The blurb points out that the album finds the Stockport band pushing their ‘post-industrial kitchen-sink drama preoccupations even further on Defeated, exploring the dark comedy of everyday life in the dismal land of eternal recession. Sometimes the vision expands out of shitty Britain too, ‘Drone’ recounting the wearied observations of an electronic device as it traverses the globe… You’ve got to laugh, because if you don’t you’ll kill yourself. Or somebody else.’

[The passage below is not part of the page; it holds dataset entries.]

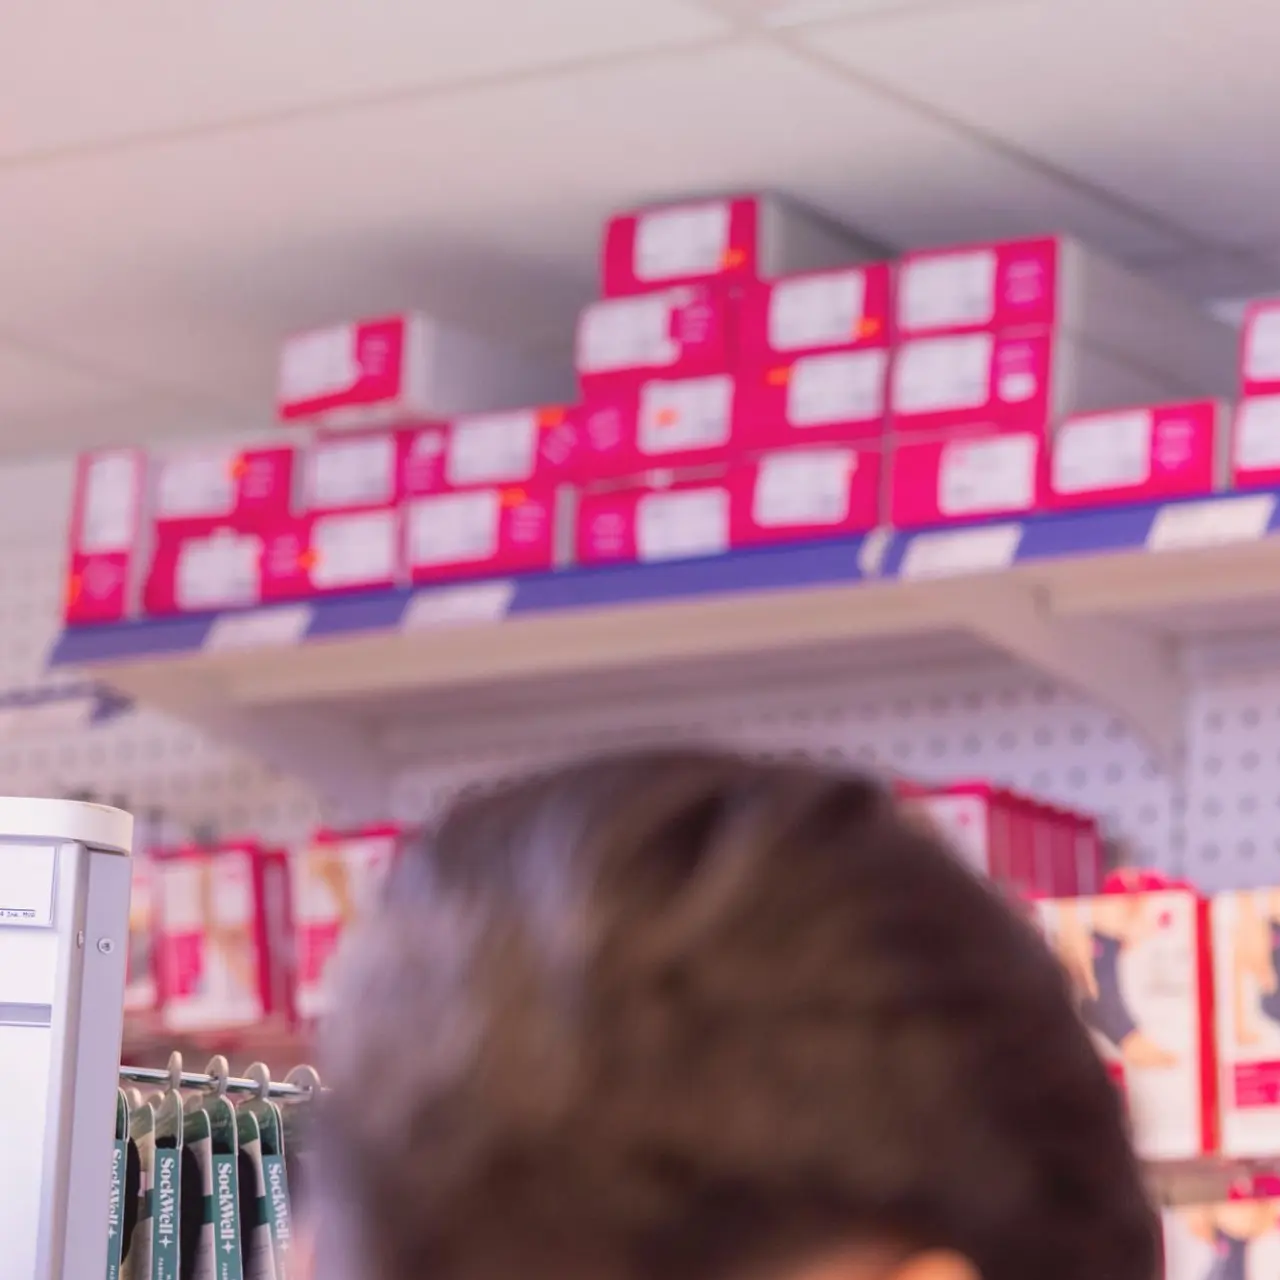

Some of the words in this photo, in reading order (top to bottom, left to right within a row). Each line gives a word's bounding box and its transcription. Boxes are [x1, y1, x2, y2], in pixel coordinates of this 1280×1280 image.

[159, 1157, 174, 1234] SockWell
[218, 1163, 235, 1240] SockWell
[268, 1163, 290, 1240] SockWell
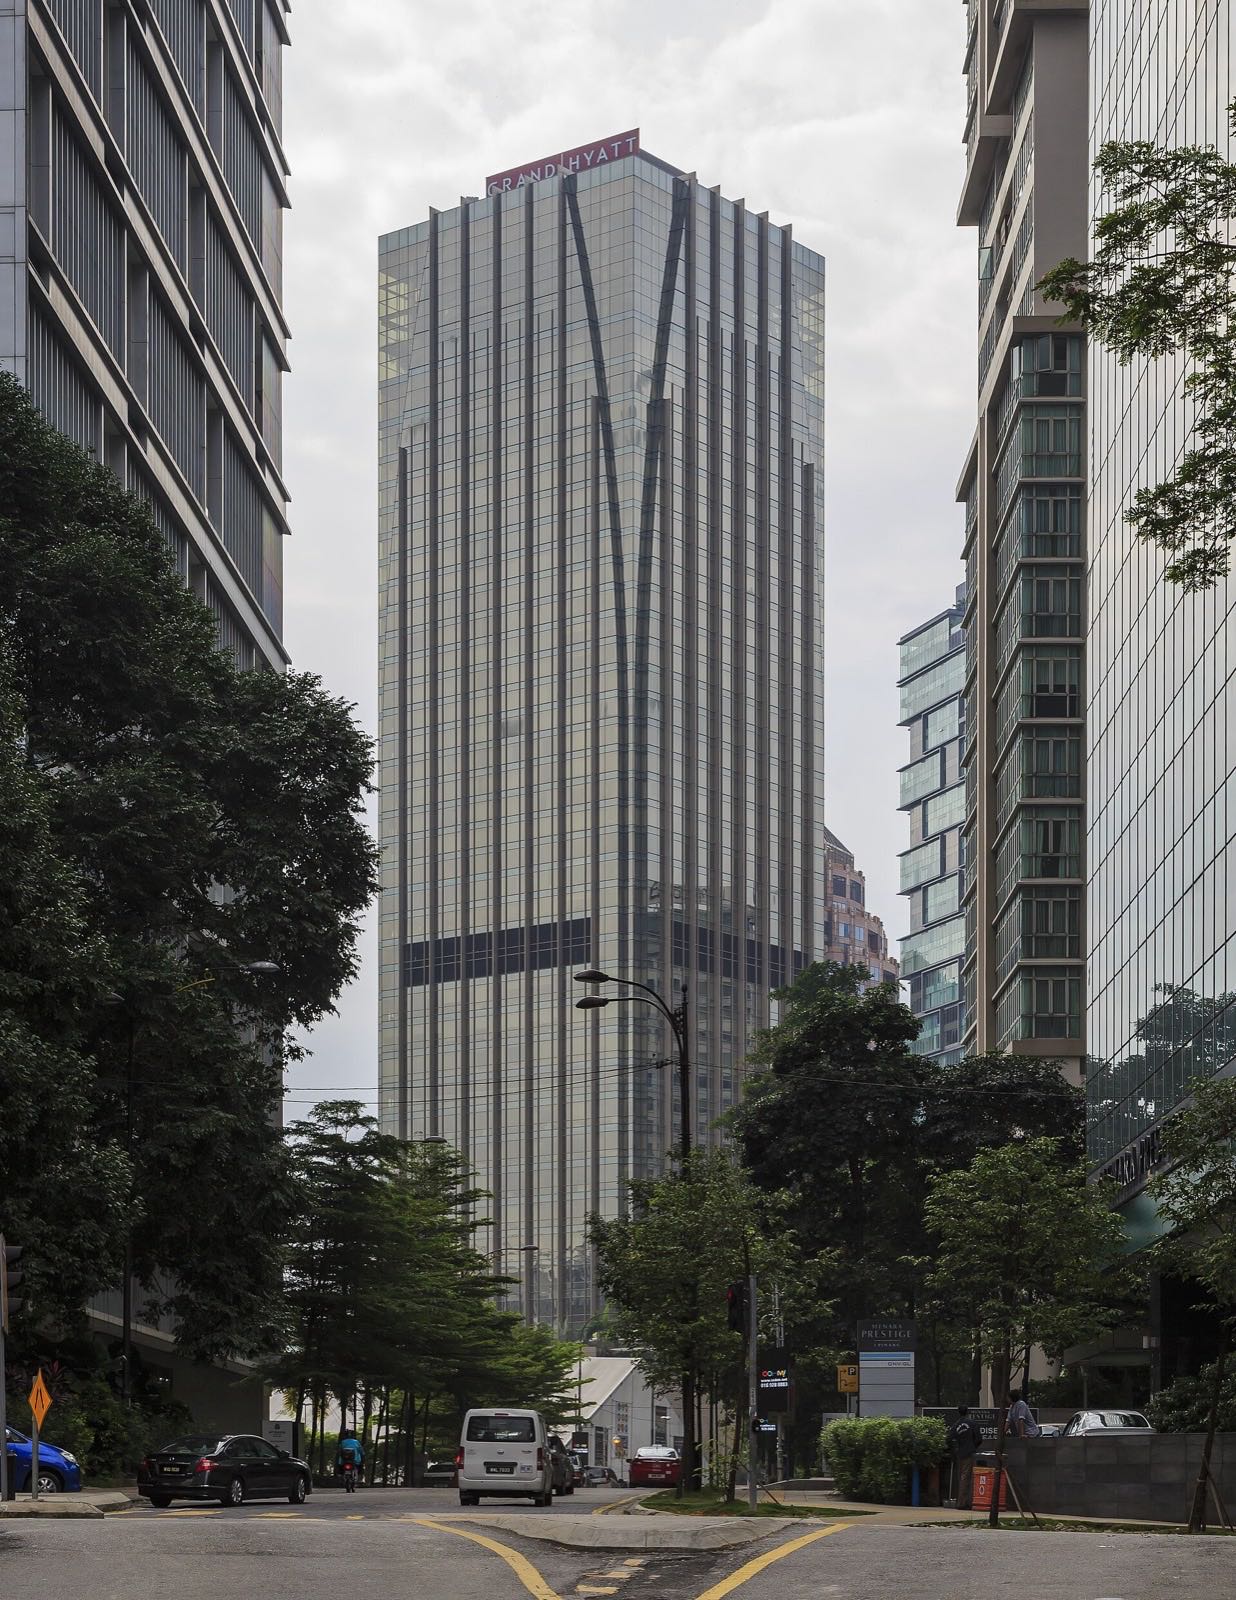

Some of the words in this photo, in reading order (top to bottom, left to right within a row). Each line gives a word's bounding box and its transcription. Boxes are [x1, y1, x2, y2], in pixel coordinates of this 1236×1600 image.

[487, 164, 555, 197] GRAND
[569, 136, 637, 171] HYATT
[861, 1330, 912, 1338] PRESTIGE
[849, 1367, 855, 1375] P

The laughter is pretty dark and pretty hollow, though, and derives as much from the keen observations as any particular knack for a punchline (a line about mobility scooters with Northern soul stickers on stands out as particularly pithy) and the stark musical backing isn’t especially musical, more of a pounding trudge that provides a backdrop to an endless stream of vitriol and bleak depictions of the everyday, from pavements caked with dogshit and news items about rising fuel prices and their effect in the average household. If it sounds mundane, it is, but then we need art that speaks to us about life as we experience it, and the majority know far more about scrabbling for change to buy a loaf of bread than luxury cars, watches, and clothes.

‘Violence’ is their equivalent of Public Image Ltd’s ‘Theme’, a brutal, sprawling, brawling, squalling monster that opens the album with a relentlessly heavy battering ram of a racket, like Sunn O))) with a howling harmonica and sneering Lydonesque vocal. It crushes your skull, before it fades out swiftly and unexpectedly, which somehow works. But maintaining the PiL comparison, it’s Metal Box that is perhaps the closest similarity, in that the album as a whole is diverse, fractured, unpredictable.

‘Carry On Screaming’ sounds like The Fall in a three-way collision with Yard Act and Melvins. It’s a mangled mess of drum machine beats and psychedelia and noise with a monotone vocal drawl.

Against a thumping dirge of a noise, a grating mesh of distortion and dolorous drum, the title track is a gnarly hybrid of early Swans, and elsewhere, as on ‘Sick Day’, it becomes less about songs and more about spoken word narrative delivered against a backdrop of mangled noise, and at times, it’s pretty harrowing. Lyrically, Pound Land don’t pretty things up. Sonically, they don’t either. It’s magnificently raw and un-produced, and this is no more true than on penultimate song ‘Pathogen’, a dirty slow stomp that’s pure rage and invites comparisons to Uniform. And it sounds like it was recorded on a phone from the next room.

‘Drone’ sneers and snarls like Lydon at his best, closing with a venomous refrain of ‘fucking twat’ delivered in a thick, spitting Manchester accent.

Defeated may only contain eight songs, and only a couple of them extend beyond the five-minute mark, but it’s feels immense, and experience that’s exhausting both physically and mentally. Listening, you feel the weight of the world condense and compress as the angst and anguish press down ever darker, ever denser. It’s a bleak, suffocating document of everything that’s wrong right now. This is the sound of broken Britain, and it’s a harrowing insight into just how fucked everything is. But in this channelling of nihilistic anguish, you realise you’re not alone. It doesn’t change anything, but it’s something to cling to.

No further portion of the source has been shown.